The fascinating story of the origin of an element in Tutankhamun’s scarab brooch continued this week. It was determined that some of the material found in that brooch was the result of a phenomenological event that occurred 28 million years ago. The aftermath of an incomprehensibly ancient comet hurtling through space toward Earth created a piece that was later used as the centerpiece on King Tut’s brooch. But there has been some debate about exactly how this event created the glasses. Now scientists from Australia and Austria think they have evidence to end the debate.
Small but important
The finds at Tutankhamun’s tomb are numerous and an artifact as small as a brooch can be overshadowed by heavier objects. But sometimes humble items have a deeper story than what you initially see. This impressively preserved brooch has an unimaginably deep history that has only come to light through thorough research from many fields. The striking yellow-brown scarab brooch is made from yellow silica glass stone taken from the sand of the Sahara desert, then shaped and polished by some ancient Egyptian artist. Perhaps this species of beetle has the most interesting history.
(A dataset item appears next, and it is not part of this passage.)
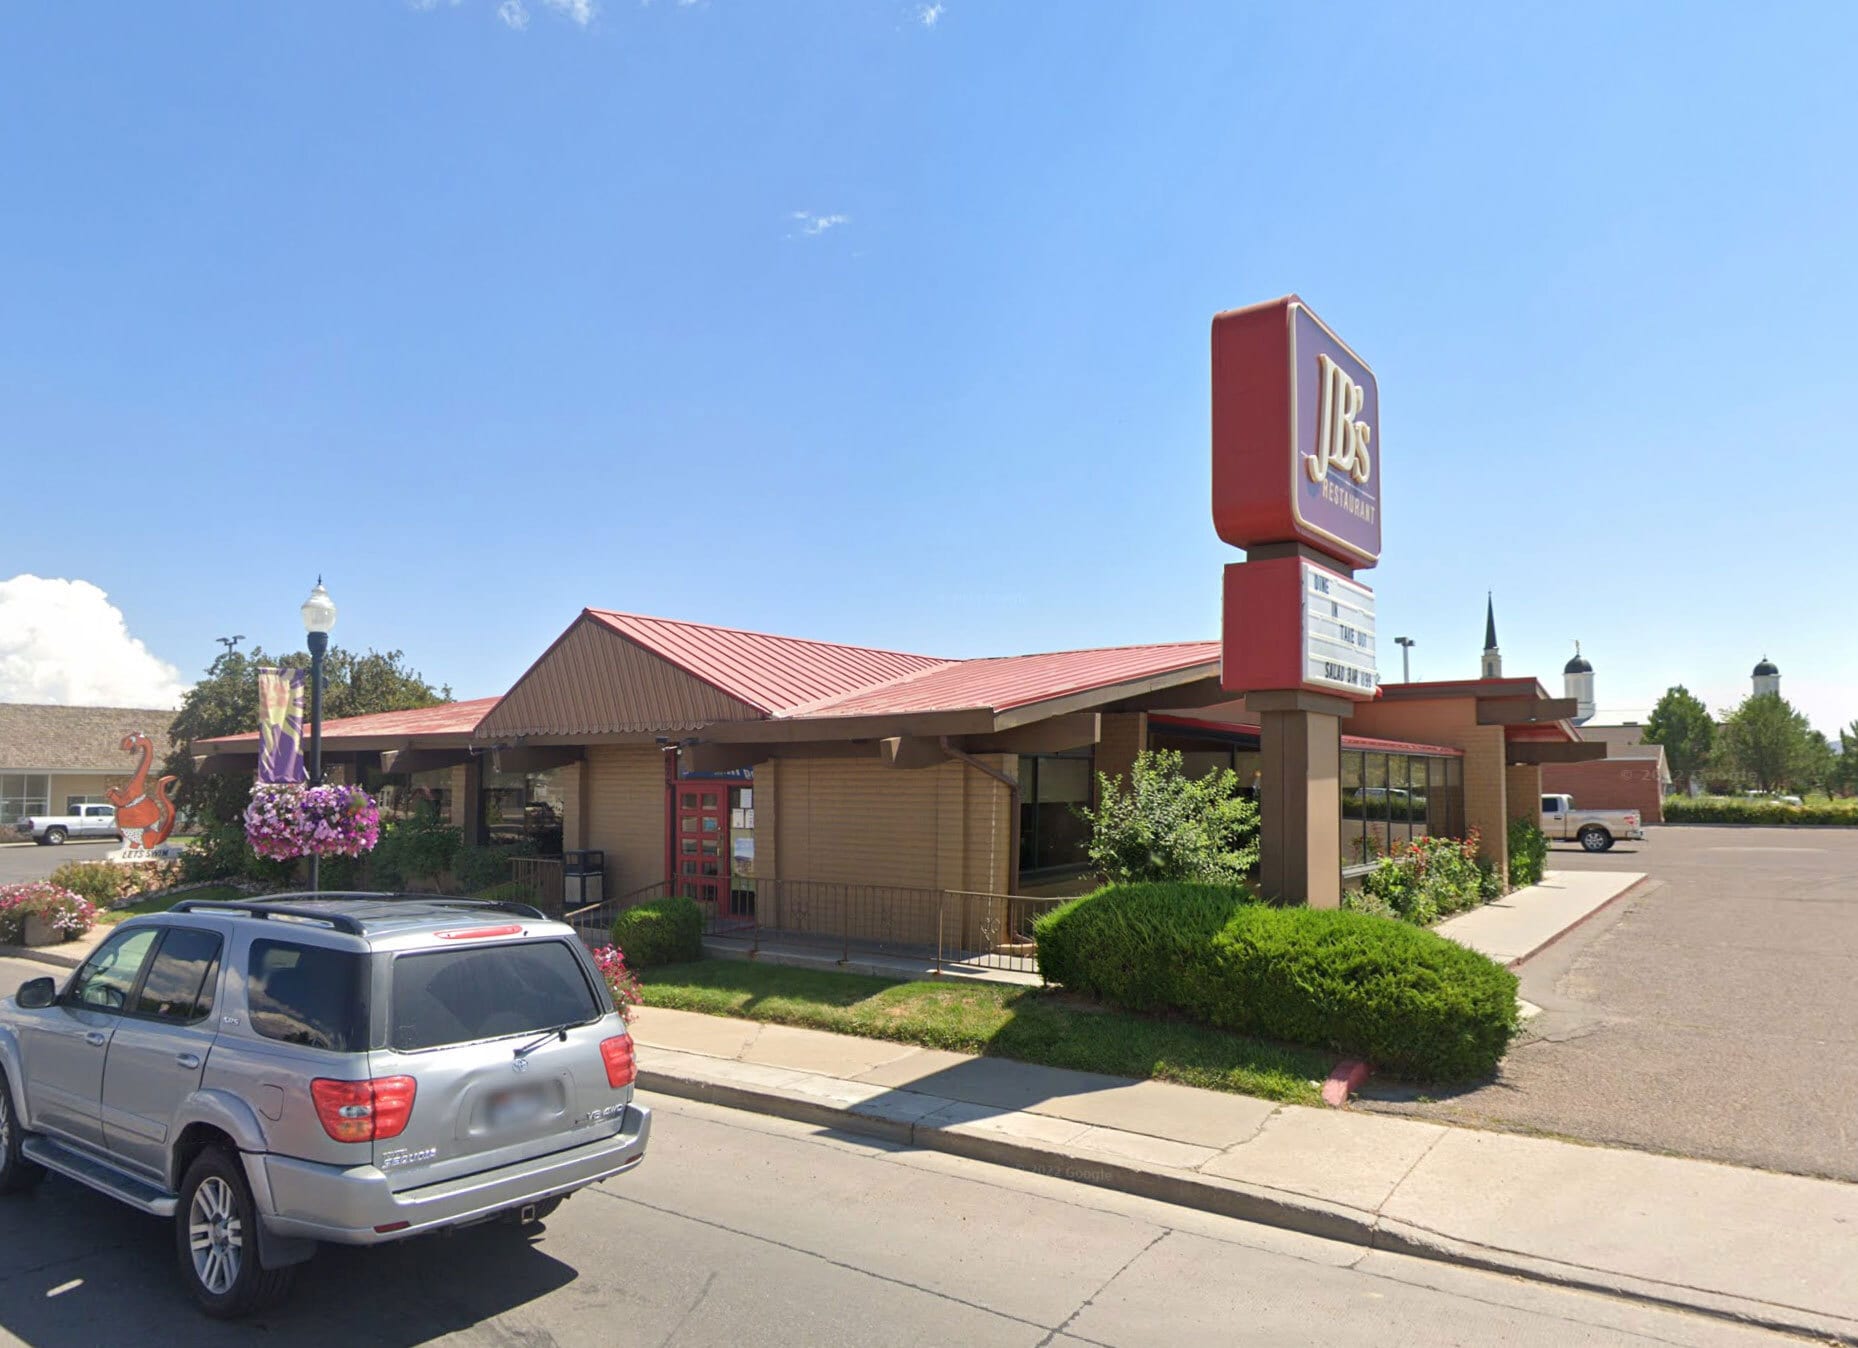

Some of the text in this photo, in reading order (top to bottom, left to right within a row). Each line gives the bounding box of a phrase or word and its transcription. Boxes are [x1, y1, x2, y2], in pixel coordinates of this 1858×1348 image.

Tutankhamun’s brooch holds evidence of an ancient comet striking Earth
Unlock the sands of time
Chemical analysis shows that silica glass from this desert was originally formed 28 million years ago, when a comet entered the earth’s atmosphere above Egypt. The underlying sand was heated to a temperature of around 2,000 degrees Celsius and resulted in the formation of large amounts of yellow silica glass, scattered across a 6,000 square kilometer area in the Sahara desert.
In 2017, this type of silica glass was one of the clues that led Professor Jan Kramers of the University of Johannesburg, South Africa, and colleagues to a remarkable discovery. The other important discovery was a small black diamond-bearing pebble that the researchers named ‘Hypatia’, which had been found a few years earlier by an Egyptian geologist. This provides the clues needed to detect the catastrophic event and the resulting desert composition. The discovery of tiny diamonds inside the stone as a result of extreme pressure often deep within the earth’s crust is remarkable. This pebble was found on the surface and so the diamonds were formed as a result of a large shock – an impact of some kind. The team’s conclusion is that the pebble represents the first known specimen of a comet nucleus (rather than a conventional meteorite) and provides the first clear evidence of a comet striking Earth millions of years ago.
The latest research supports this claim
However, there has been some debate about the specifics of how this catastrophic event created glass. Questions remain as to whether this event was a true comet strike or a near miss.
In a Curtin University press release, Dr Cavosie, from the Center for Space Science and Technology in Curtin’s School of Earth and Planetary Sciences, said: “The topic of ongoing debate is whether glass forms during a meteorite impact or during a mid-air explosion, which occurs when asteroids called Near-Earth Objects explode and deposit energy in Earth’s atmosphere .”
The team believes that new evidence found in their study, published in the journal Geology, completely refutes the suggestion of a mid-air explosion. The study said that while neither a mid-air explosion nor a comet impact could melt the desert sand, they found the glass plate contained a rare mineral called reidite, and they say this thing can only be shocked into existence by the force of a collision, which is millions of times. many times more powerful than an airborne explosion. Dr. Cavosie states:
Both meteorite impacts and airborne explosions can cause melting, however, only meteorite impacts create shock waves that form high-pressure minerals, so the finding Previous evidence of reidite confirms it was created by a meteorite impact.
Live Science reports the study said, “airborne explosions create shock waves in the air that can reach thousands of pascals (a unit of pressure), asteroid impacts cause shock waves of thousands billion pascals on the ground.”
Comet Hale-Bopp photographed in the vicinity of Pazin in Istria/Croatia ( CC BY SA 2.0 )
Cometary material has never been found on Earth before except in microscopic dust particles in the upper atmosphere and in Antarctic ice. Space agencies have spent billions of dollars to secure a small amount of pristine comet material and return it to Earth, but Kramers and her team have a new approach to studying this material that no need to go into space to get it.
But what is the importance of this work?
Wits University Professor David Block, a key researcher in Kramer’s team, said: “Comets hold the secrets to unlocking the formation of our solar system and this discovery gives us unprecedented opportunity to directly study cometary material.”
And the consolation that Dr. Cavosie’s team took away was this:
Previous models suggested that the Libyan desert glass represented a large, 100 Mt-level airburst, but our results show that this was not the case. Meteor impacts are catastrophic events, but they are uncommon. Aerial explosions are becoming more frequent, but we now know that we cannot expect a glass-forming event in the Libyan desert in the near future, which may give us some peace of mind.